What follows is a block of records; restate each one word for word.

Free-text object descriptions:
# # #
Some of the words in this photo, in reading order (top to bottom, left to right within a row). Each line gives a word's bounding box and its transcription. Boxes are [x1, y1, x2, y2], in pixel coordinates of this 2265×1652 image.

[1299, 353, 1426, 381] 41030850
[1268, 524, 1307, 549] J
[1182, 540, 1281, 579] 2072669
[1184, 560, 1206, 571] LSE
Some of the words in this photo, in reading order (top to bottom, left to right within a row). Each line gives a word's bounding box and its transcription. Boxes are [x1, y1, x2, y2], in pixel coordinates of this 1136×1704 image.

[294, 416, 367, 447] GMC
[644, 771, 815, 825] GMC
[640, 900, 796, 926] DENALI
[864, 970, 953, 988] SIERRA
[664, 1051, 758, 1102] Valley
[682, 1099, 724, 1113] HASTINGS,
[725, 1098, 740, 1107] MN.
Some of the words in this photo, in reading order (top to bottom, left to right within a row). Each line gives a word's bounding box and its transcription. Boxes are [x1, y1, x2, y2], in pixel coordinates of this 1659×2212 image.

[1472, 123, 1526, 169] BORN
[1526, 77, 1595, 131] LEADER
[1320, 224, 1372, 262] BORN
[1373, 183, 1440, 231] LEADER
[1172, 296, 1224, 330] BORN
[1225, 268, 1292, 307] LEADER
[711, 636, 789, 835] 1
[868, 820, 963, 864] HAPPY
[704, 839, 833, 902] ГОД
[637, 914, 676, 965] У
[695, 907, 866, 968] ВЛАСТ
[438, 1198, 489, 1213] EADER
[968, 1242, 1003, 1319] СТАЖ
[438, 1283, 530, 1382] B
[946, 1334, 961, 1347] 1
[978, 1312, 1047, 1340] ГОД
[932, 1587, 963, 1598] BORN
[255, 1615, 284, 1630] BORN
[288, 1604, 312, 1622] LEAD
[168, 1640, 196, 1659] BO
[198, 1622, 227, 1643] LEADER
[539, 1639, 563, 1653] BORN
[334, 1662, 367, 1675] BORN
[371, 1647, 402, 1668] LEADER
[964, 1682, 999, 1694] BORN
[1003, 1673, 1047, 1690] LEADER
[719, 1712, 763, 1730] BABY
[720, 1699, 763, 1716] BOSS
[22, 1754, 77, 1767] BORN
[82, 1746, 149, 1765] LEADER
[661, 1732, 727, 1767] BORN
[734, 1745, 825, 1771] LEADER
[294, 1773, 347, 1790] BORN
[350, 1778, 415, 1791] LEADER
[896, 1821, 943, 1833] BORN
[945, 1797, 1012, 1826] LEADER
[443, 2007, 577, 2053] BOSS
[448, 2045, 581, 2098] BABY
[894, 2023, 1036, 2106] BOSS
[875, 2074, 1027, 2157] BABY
# # #
▸ Answer below
Some of the words in this photo, in reading order (top to bottom, left to right within a row). Each line gives a word's bounding box and its transcription. Boxes are [x1, y1, x2, y2], in pixel coordinates of this 2265×1652 image.

[1299, 353, 1426, 381] 41030850
[1268, 524, 1307, 549] J
[1182, 540, 1281, 579] 2072669
[1184, 560, 1206, 571] LSE
Some of the words in this photo, in reading order (top to bottom, left to right within a row). Each line gives a word's bounding box and its transcription. Boxes are [x1, y1, x2, y2], in pixel coordinates of this 1136×1704 image.

[294, 416, 367, 447] GMC
[644, 771, 815, 825] GMC
[640, 900, 796, 926] DENALI
[864, 970, 953, 988] SIERRA
[664, 1051, 758, 1102] Valley
[682, 1099, 724, 1113] HASTINGS,
[725, 1098, 740, 1107] MN.
Some of the words in this photo, in reading order (top to bottom, left to right within a row). Each line gives a word's bounding box and its transcription. Boxes are [x1, y1, x2, y2], in pixel coordinates of this 1659×2212 image.

[1472, 123, 1526, 169] BORN
[1526, 77, 1595, 131] LEADER
[1320, 224, 1372, 262] BORN
[1373, 183, 1440, 231] LEADER
[1172, 296, 1224, 330] BORN
[1225, 268, 1292, 307] LEADER
[711, 636, 789, 835] 1
[868, 820, 963, 864] HAPPY
[704, 839, 833, 902] ГОД
[637, 914, 676, 965] У
[695, 907, 866, 968] ВЛАСТ
[438, 1198, 489, 1213] EADER
[968, 1242, 1003, 1319] СТАЖ
[438, 1283, 530, 1382] B
[946, 1334, 961, 1347] 1
[978, 1312, 1047, 1340] ГОД
[932, 1587, 963, 1598] BORN
[255, 1615, 284, 1630] BORN
[288, 1604, 312, 1622] LEAD
[168, 1640, 196, 1659] BO
[198, 1622, 227, 1643] LEADER
[539, 1639, 563, 1653] BORN
[334, 1662, 367, 1675] BORN
[371, 1647, 402, 1668] LEADER
[964, 1682, 999, 1694] BORN
[1003, 1673, 1047, 1690] LEADER
[719, 1712, 763, 1730] BABY
[720, 1699, 763, 1716] BOSS
[22, 1754, 77, 1767] BORN
[82, 1746, 149, 1765] LEADER
[661, 1732, 727, 1767] BORN
[734, 1745, 825, 1771] LEADER
[294, 1773, 347, 1790] BORN
[350, 1778, 415, 1791] LEADER
[896, 1821, 943, 1833] BORN
[945, 1797, 1012, 1826] LEADER
[443, 2007, 577, 2053] BOSS
[448, 2045, 581, 2098] BABY
[894, 2023, 1036, 2106] BOSS
[875, 2074, 1027, 2157] BABY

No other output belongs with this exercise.